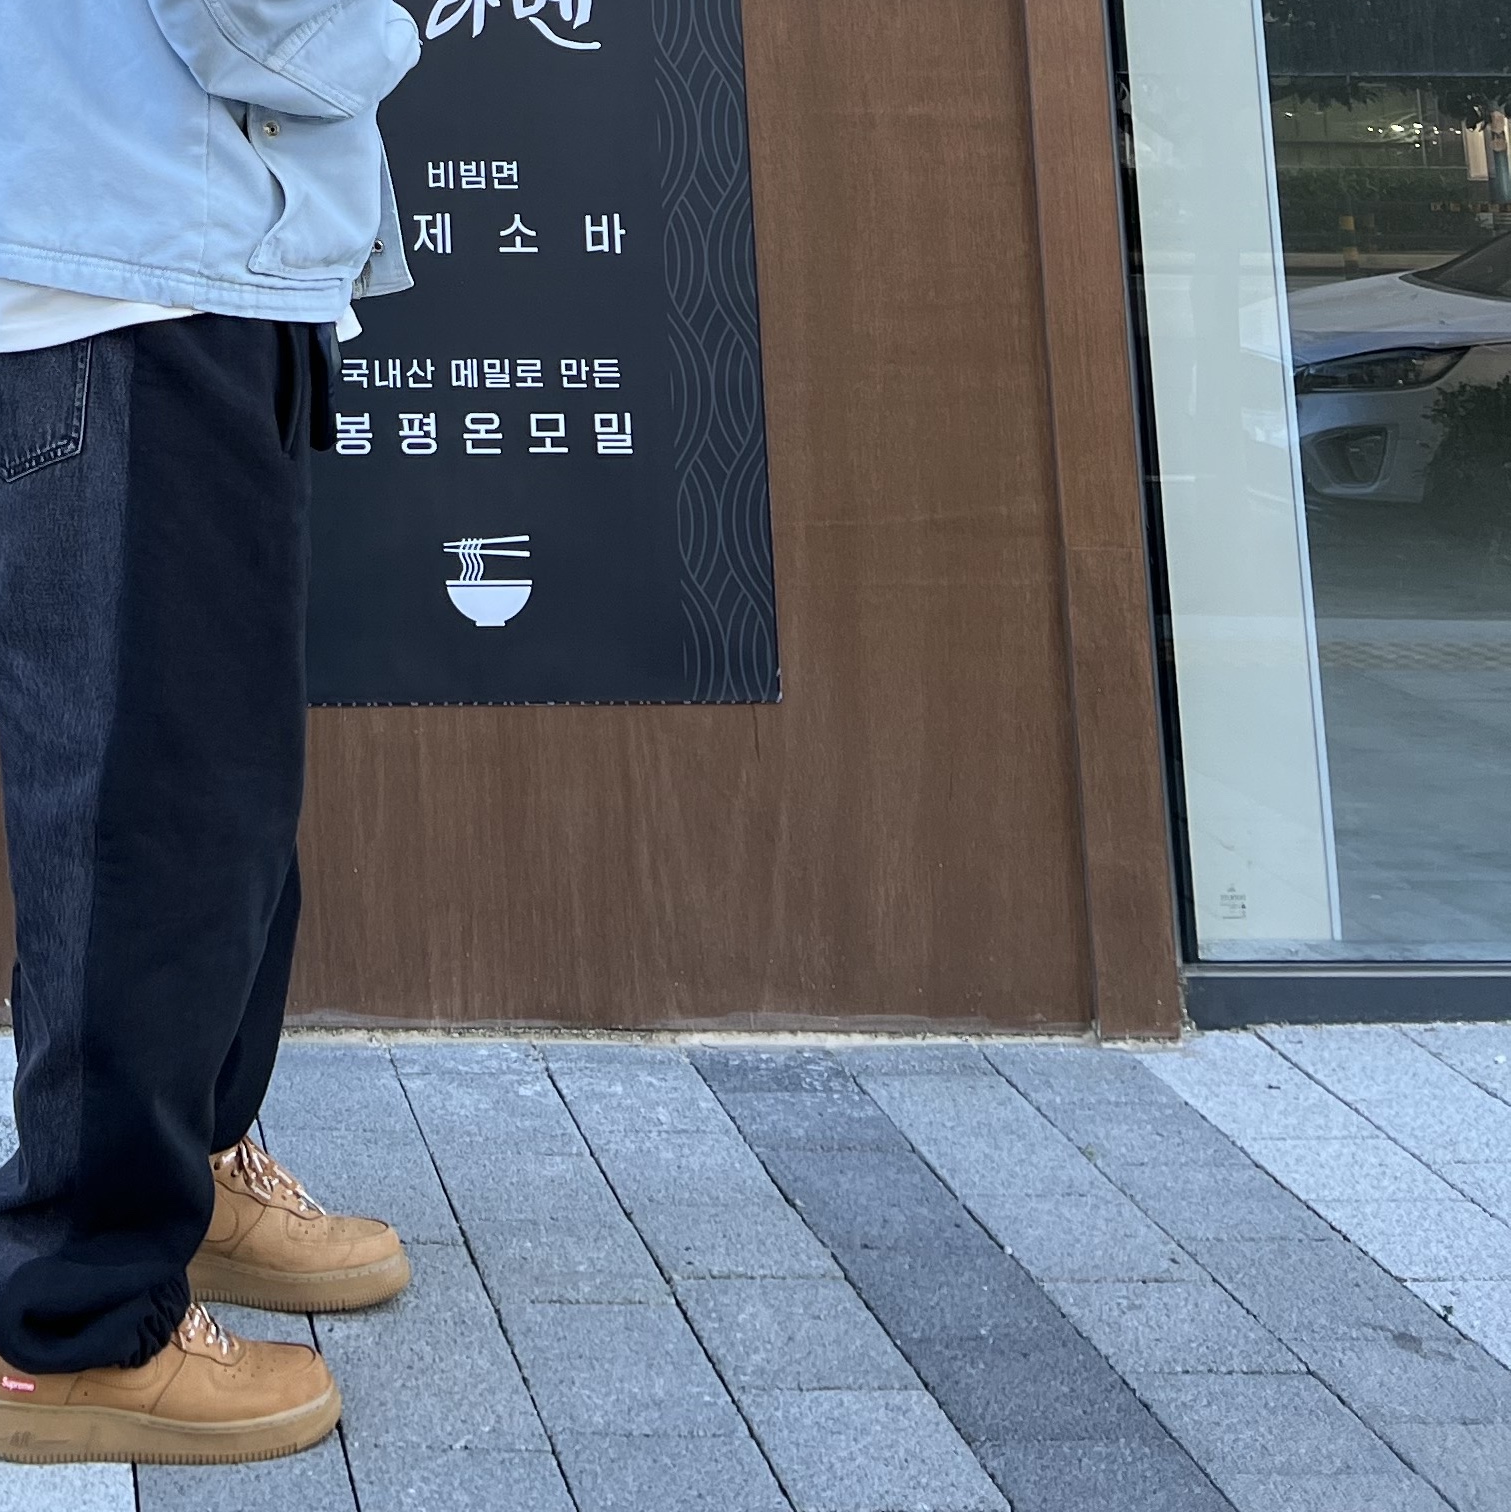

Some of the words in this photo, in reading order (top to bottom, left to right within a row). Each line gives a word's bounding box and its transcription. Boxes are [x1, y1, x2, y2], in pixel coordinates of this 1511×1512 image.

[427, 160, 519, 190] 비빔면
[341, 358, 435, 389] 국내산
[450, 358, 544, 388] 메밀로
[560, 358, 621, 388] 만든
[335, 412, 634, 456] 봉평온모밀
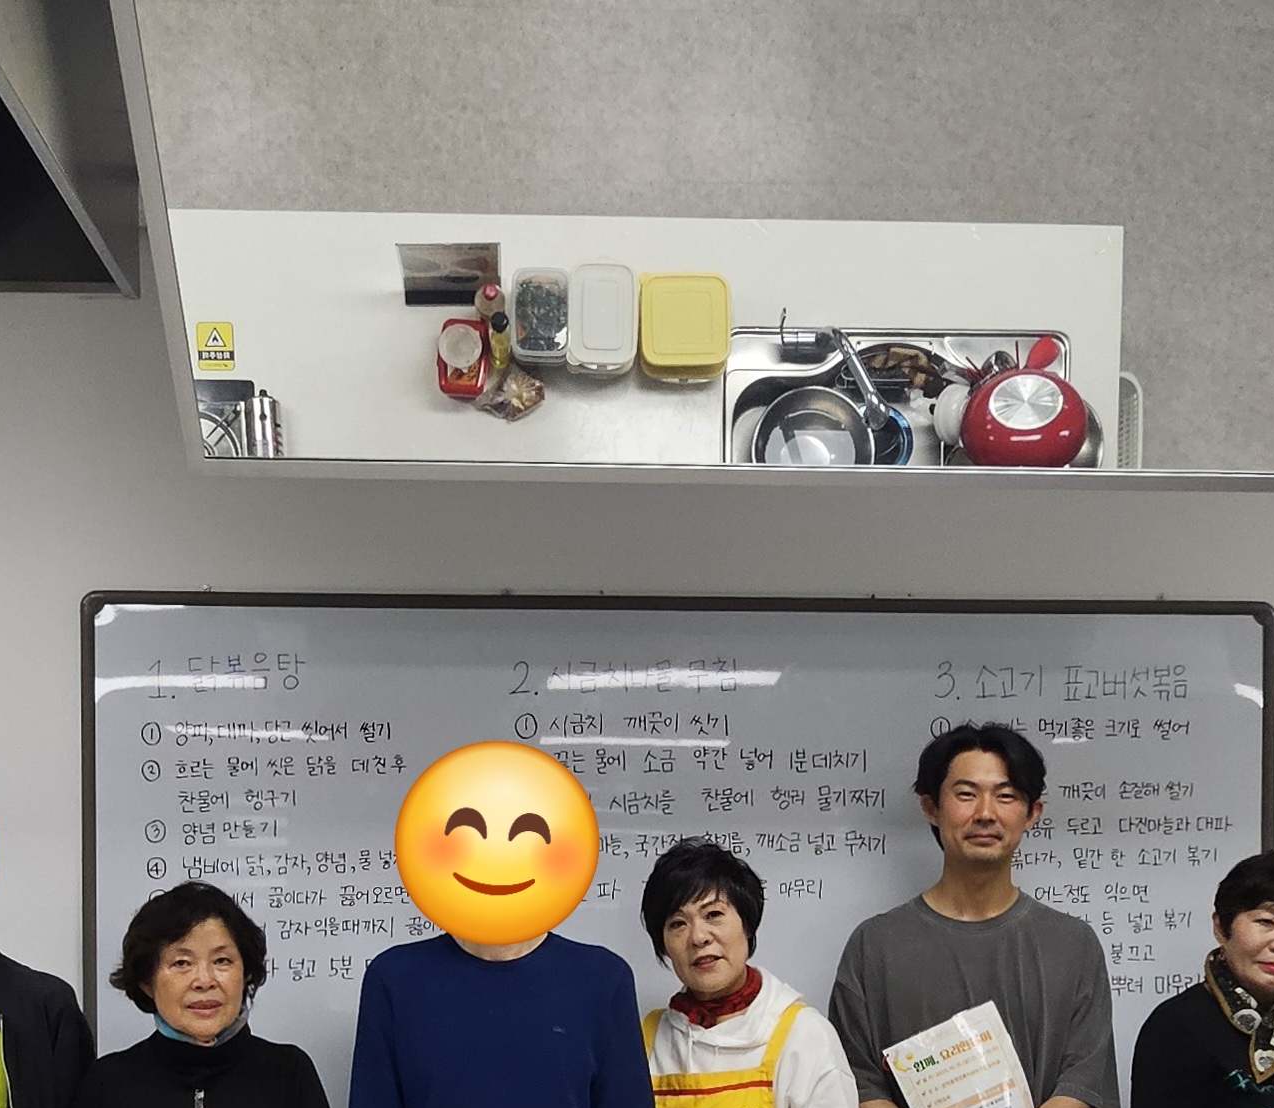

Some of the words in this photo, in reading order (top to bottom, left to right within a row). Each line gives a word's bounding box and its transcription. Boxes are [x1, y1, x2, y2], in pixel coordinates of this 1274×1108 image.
------------------------
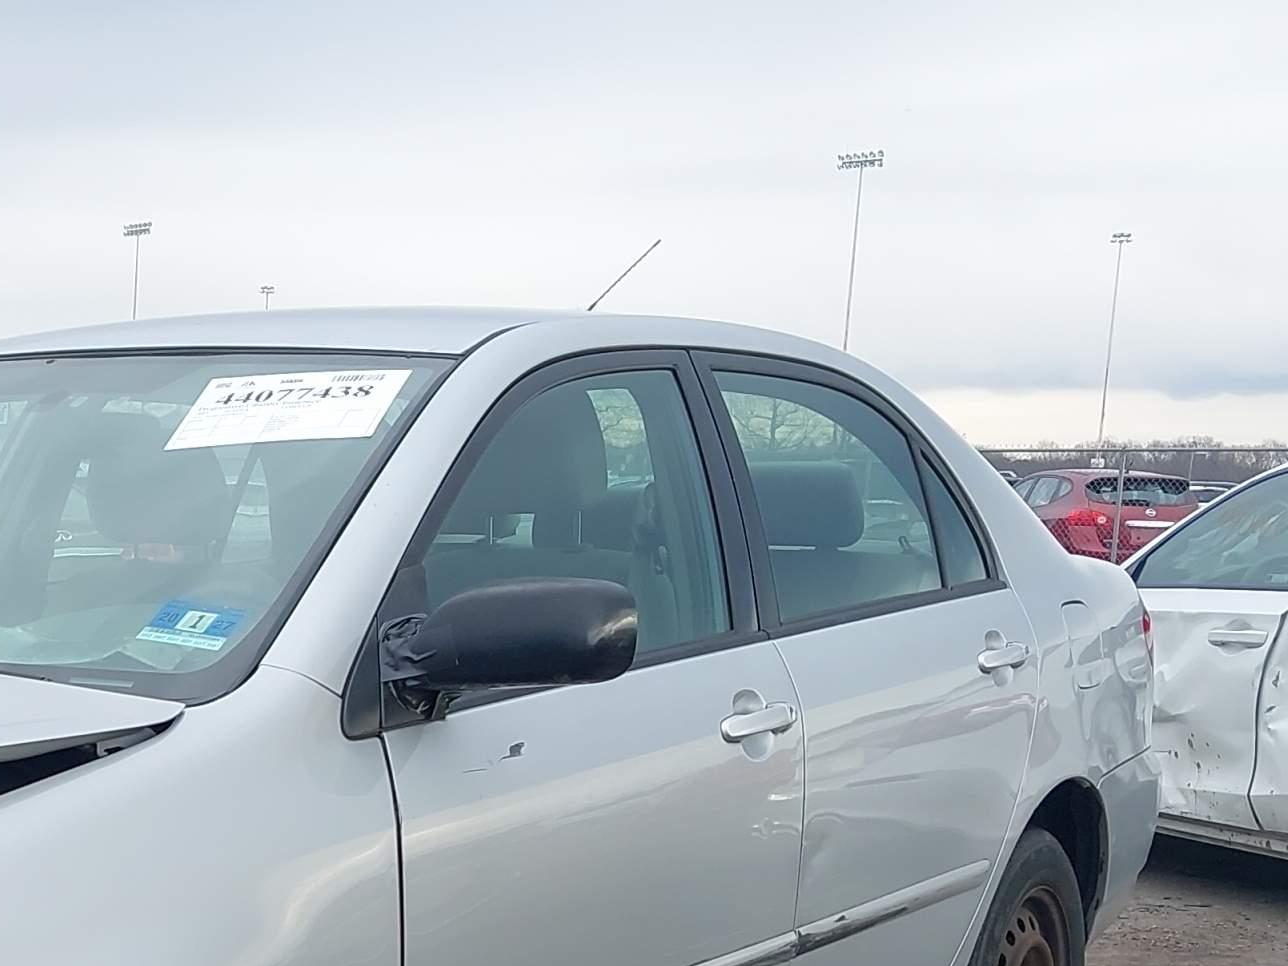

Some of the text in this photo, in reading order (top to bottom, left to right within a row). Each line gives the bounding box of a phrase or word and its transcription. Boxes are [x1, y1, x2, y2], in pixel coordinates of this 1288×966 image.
------------------------
▶ _Problem to solve_
Of the lines above, copy only those from the one holding "this 1511×1512 image." to the one holding "this 1274×1108 image.", both included, and exclude every image.

▶ _Answer section_
Some of the words in this photo, in reading order (top to bottom, left to right within a row). Each line gives a word's bounding box and its transcription. Boxes are [x1, y1, x2, y2], in pixel coordinates of this 1511×1512 image.

[427, 160, 519, 190] 비빔면
[341, 358, 435, 389] 국내산
[450, 358, 544, 388] 메밀로
[560, 358, 621, 388] 만든
[335, 412, 634, 456] 봉평온모밀

Some of the words in this photo, in reading order (top to bottom, left to right within a row). Each line gives a word's bounding box and its transcription. Boxes are [x1, y1, x2, y2], in pixel coordinates of this 1274×1108 image.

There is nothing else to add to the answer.